↓↓↓

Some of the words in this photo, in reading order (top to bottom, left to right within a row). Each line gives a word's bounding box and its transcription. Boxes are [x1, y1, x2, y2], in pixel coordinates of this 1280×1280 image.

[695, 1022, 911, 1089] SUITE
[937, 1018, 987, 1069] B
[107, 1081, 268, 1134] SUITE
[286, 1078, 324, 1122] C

↑↑↑

§ Work instruction
Could you please repeat the data exactly as given?

§ Solution below
Some of the words in this photo, in reading order (top to bottom, left to right within a row). Each line gives a word's bounding box and its transcription. Boxes are [x1, y1, x2, y2], in pixel coordinates of this 1280×1280 image.

[695, 1022, 911, 1089] SUITE
[937, 1018, 987, 1069] B
[107, 1081, 268, 1134] SUITE
[286, 1078, 324, 1122] C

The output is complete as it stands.